The problem of finding which elements of a system should be perturbed to achieve a desired outcome is typically referred to as optimal intervention design within the causal discovery literature. Here, we build on this concept to introduce PDGrapher, an approach for the combinatorial prediction of therapeutic targets to shift cell gene expression from an initial to a treated state in genetic and chemical intervention datasets. Our predictive task is formulated using a causal model, where genes are the nodes in a causal graph and structural equations encode their causal relationships. The goal is to identify a set of genes a perturbagen should target to transition nodes states from diseased to treated.
We consider protein-protein interaction networks (PPI) or gene regulatory networks (GRN) as approximations of the causal graph, assuming no unobserved confounders. We tackle our objective through a representation learning approach, using graph neural network (GNN)-based models to implicitly represent the structural equations. For a given pair of diseased and treated samples, PDGrapher outputs a ranking of genes, with the top-predicted genes identified as the primary therapeutic targets that shift gene expression phenotypes from a diseased to a treated state.
We evaluate PDGrapher across four datasets of genetic and chemical interventions in held out folds containing novel samples, and held out folds containing novel samples and cell lines:
- PDGrapher ranks ground-truth therapeutic targets up to 35% higher in chemical intervention datasets and 16% higher in genetic intervention datasets in held out folds containing novel samples, compared with existing approaches.
- In held out folds containing both novel samples and cell lines, PDGrapher maintained its robust performance.
- A key innovation of PDGrapher is its ability to directly predict perturbagens that can shift gene expression from diseased to treated states in contrast with prevailing approaches that indirectly predict perturbagens through extensive computational modeling of cell responses. This enables up to 30 times faster training than existing methods.

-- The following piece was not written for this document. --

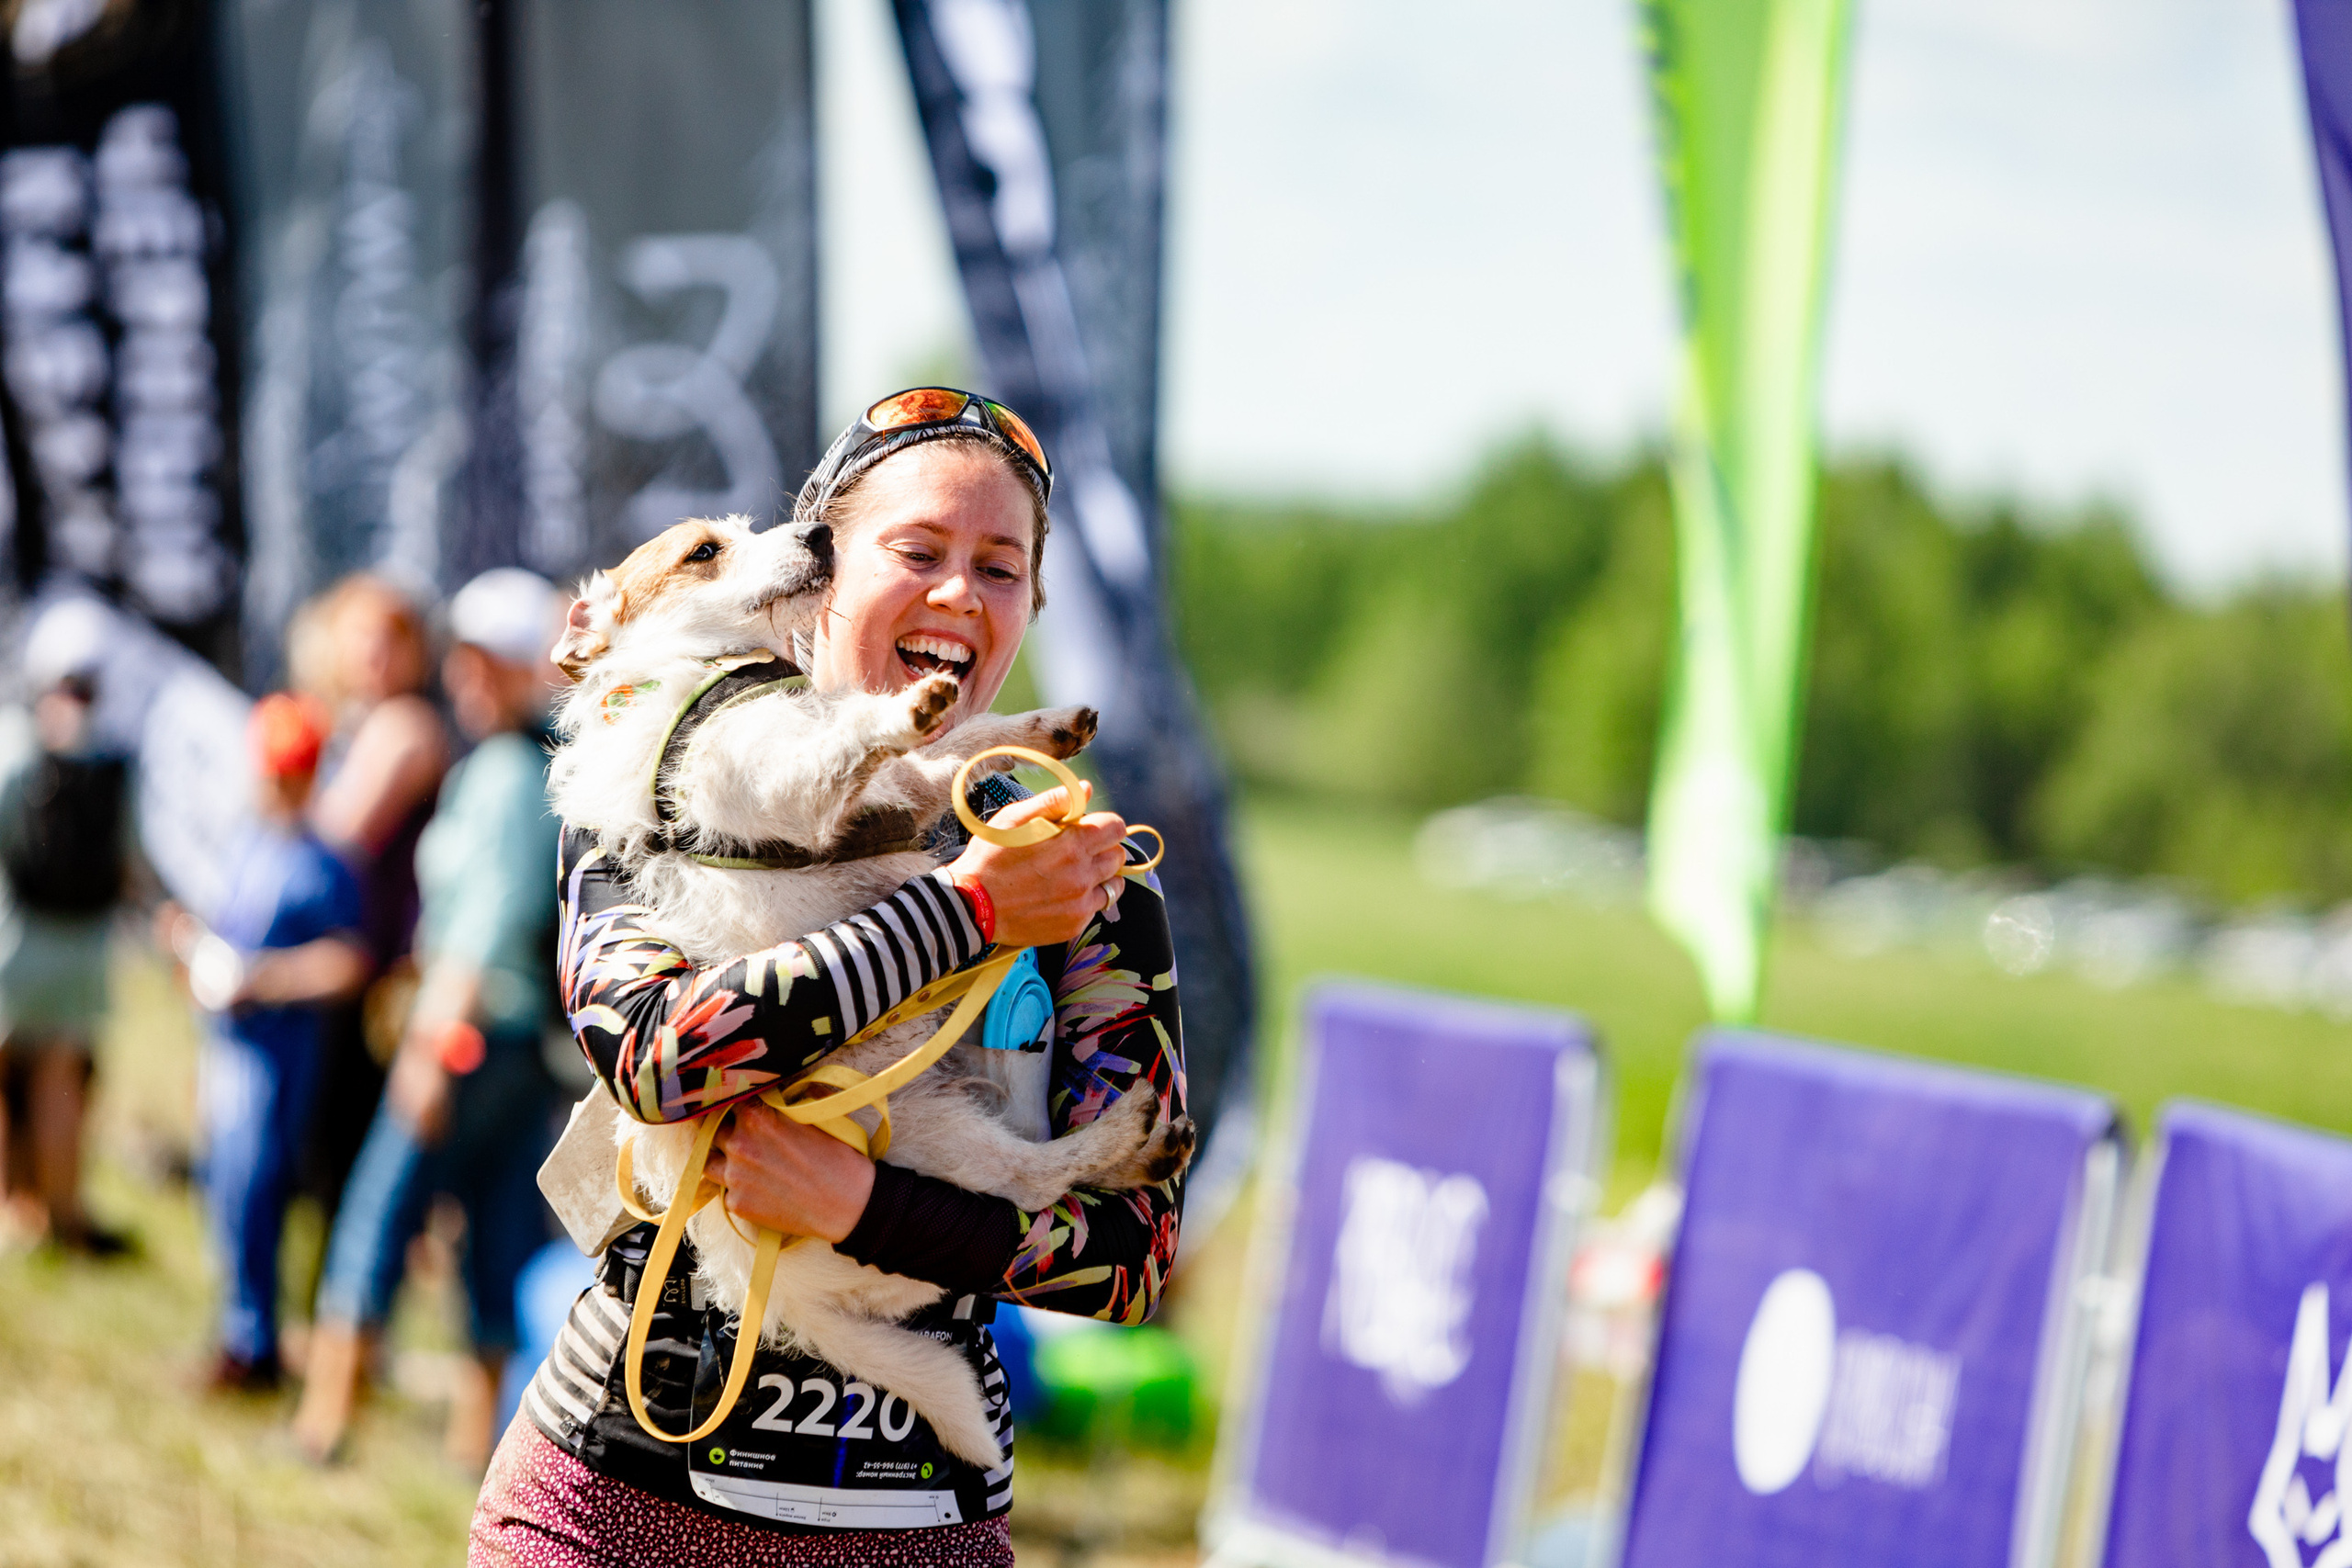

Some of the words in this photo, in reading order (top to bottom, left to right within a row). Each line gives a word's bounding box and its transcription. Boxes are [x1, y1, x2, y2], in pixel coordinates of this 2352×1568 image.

- Therapeutic targets predicted by PDGrapher in chemical intervention datasets agree well with ground-truth therapeutic targets, indicating that PDGrapher can elucidate the mode of action for chemical perturbagens and potentially enhance phenotype-driven lead discovery.
Publication
Combinatorial Prediction of Therapeutic Perturbations Using Causally-Inspired Neural Networks
Guadalupe Gonzalez*, Xiang Lin*, Isuru Herath, Kirill Veselkov, Michael Bronstein and Marinka Zitnik
Nature Biomedical Engineering 2025 [bioRxiv] [Harvard Medicine News]
@article{gonzalez2025combinatorial,
title={Combinatorial Prediction of Therapeutic Perturbations Using Causally-Inspired Neural Networks},
author={Gonzalez, Guadalupe and Lin, Xiang and Herath, Isuru and Veselkov, Kirill and Bronstein, Michael and Zitnik, Marinka},
journal={Nature Biomedical Engineering},
url={https://www.nature.com/articles/s41551-025-01481-x},
year={2025}
}
Code Availability
Pytorch implementation of PDGrapher is available in the GitHub repository.
Data Availability
Processed data, including the cell line gene expression dataset, protein-protein interaction network, drug targets, and disease-associated genes are shared with the research community:
- Protein-protein interaction network data are from BioGrid, Interactome and Interactome Atlas.
- Gene expression datasets are from CLUE.
- Disease-associated genes are from COSMIC and COSMIC Curation.
- Drug target information is extracted from DrugBank.
- List of cancer drugs is obtained from NCI.
Processed dataset is available through Figshare.